The headphones come with a hook that allows you to attach your carrying case to your luggage bag.
Honestly, at this price range, I would have expected a voice prompt telling me whether my battery is low and also indicating whether my headphones are on or off or have paired to another Bluetooth device.
Beats Studio 3 offers real-time audio calibration.
What I do enjoy about the beats is that through this feature, your sound will adjust based on the music that you are listening to.
As a result of Apple’s proprietary technology in the W1 chip, you can get a range of up to 100m.
This is similar to the technology in the Plantronics Backbeat Pro 2 SE which supports class 1 Bluetooth devices. Though for me 100m was very excessive.
Take head of the following when wanting to do a firmware updated.
If you are using an IOS device, then as a result of the W1 chip, you can simply update the firmware of the beats’ Studio 3 Wireless, seamlessly and automatically through the actual operating system.
For Android users you would have to plug the headphones into a computer, using the micro USB cable in order to upgrade the firmware, through the beats’ updater app.
As expected the beats’ studio 3 wireless headphones are equipped with adaptive noise cancellation. Their ANC technology is called Pure ANC.
I was not particularly impressed with the ANC as I felt like there was certainly a bit of noise entering especially at the higher frequencies.
When activating the noise canceling ability of headphones, I would have certain minimum expectations.
I could still here city streets and ambient noise leaking into the headphones. Sometimes I could, although very distinctly make out people’s conversations.
Also, there was a fair amount of hiss on the headphones. Now sometimes this does exist, but it’s almost like Beats paid no attention to it.
One disappointing thing with the beats’ is the build quality.
I feel like in an attempt to save costs, that fairly cheap materials where used, and the headphones feel fragile.
It does seem as if we have been given the Beats Studio 2 wireless, with a tweak in the active noise cancellation.
I felt as if the noise cancellation was actually quite mediocre, especially for a set of headphones that are retailing for around $300.
When you buy a pair of noise canceling headphones you are specifically interested in the noise cancellation feature.
Noise cancellation serves a very specific purpose. Otherwise, I would have simply purchased a quality set of normal Bluetooth headphones.
Reasons to buy
- Multi point technology allows you to connect to 2 devices at a time.

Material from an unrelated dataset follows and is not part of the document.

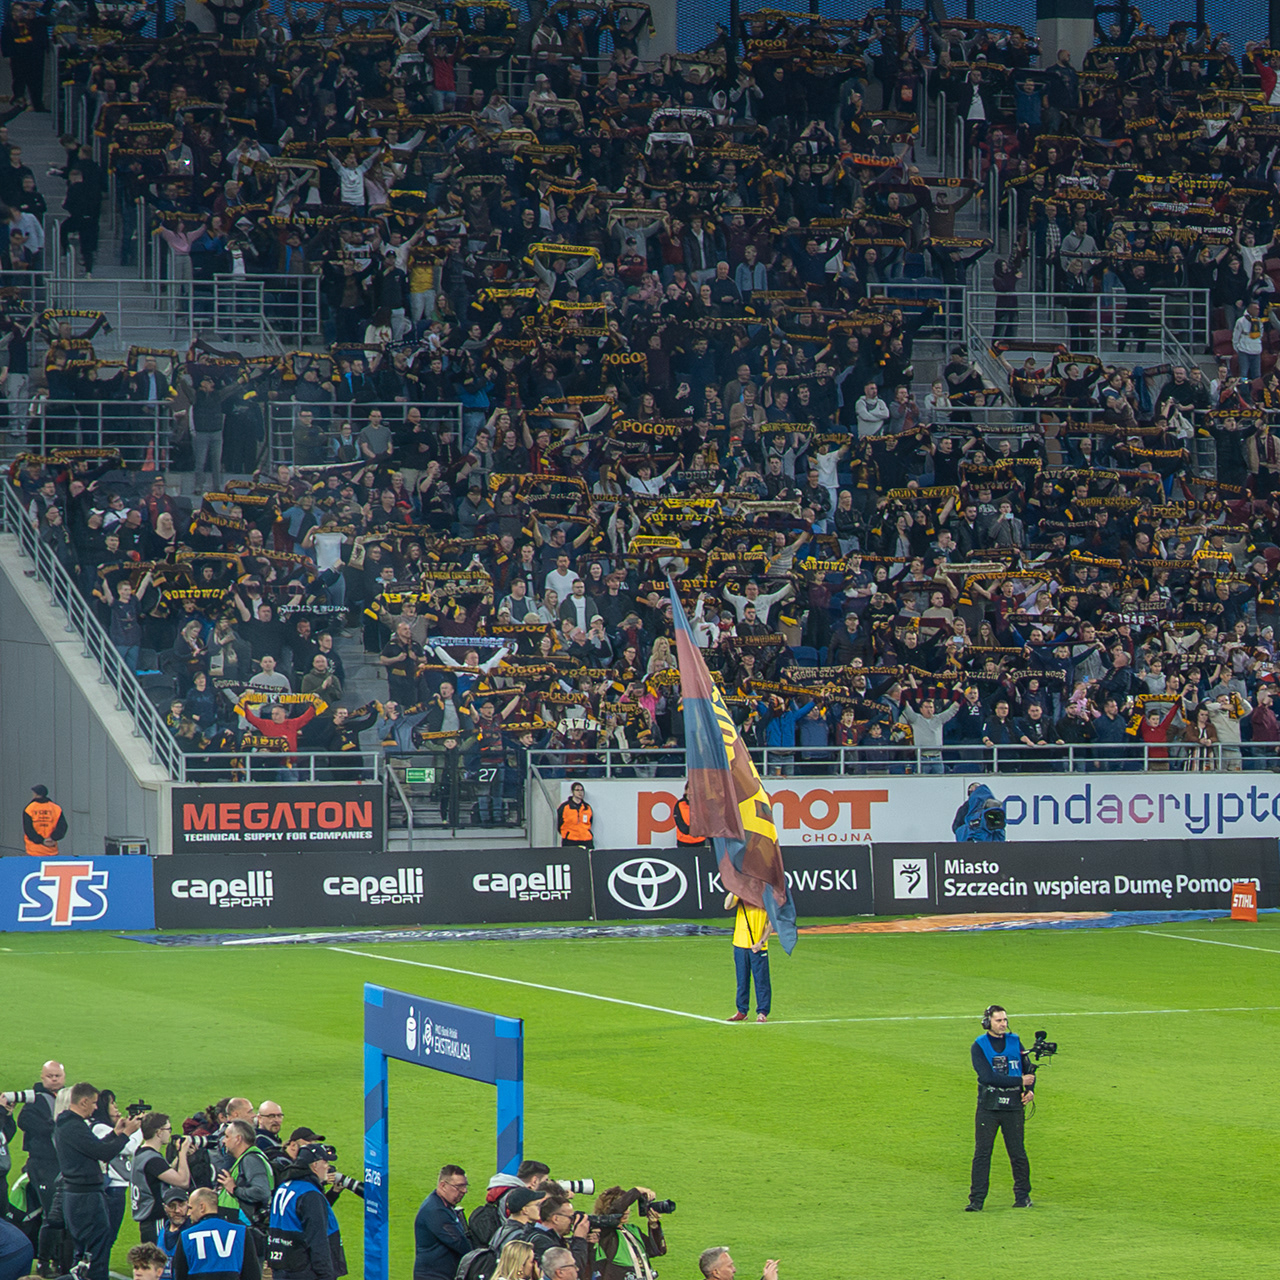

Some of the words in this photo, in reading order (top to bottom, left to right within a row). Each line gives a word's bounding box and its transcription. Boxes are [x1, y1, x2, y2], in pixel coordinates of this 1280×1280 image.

- Adaptive noise cancellation (Pure ANC)
- 10 minute quick charge provides 2.5 hours of battery time
- 22 hours of battery with ANC on and 40 hours with ANC off
- With iOS and the Apple W1 chip, one press and you’re paired with your device
- Class 1 Bluetooth allows connectivity for up to 100m/330ft
- Multiple color selection
- Rich bass and signature boss audio
- Multi functional “b” button lets you take and make calls, control music, and activate Siri.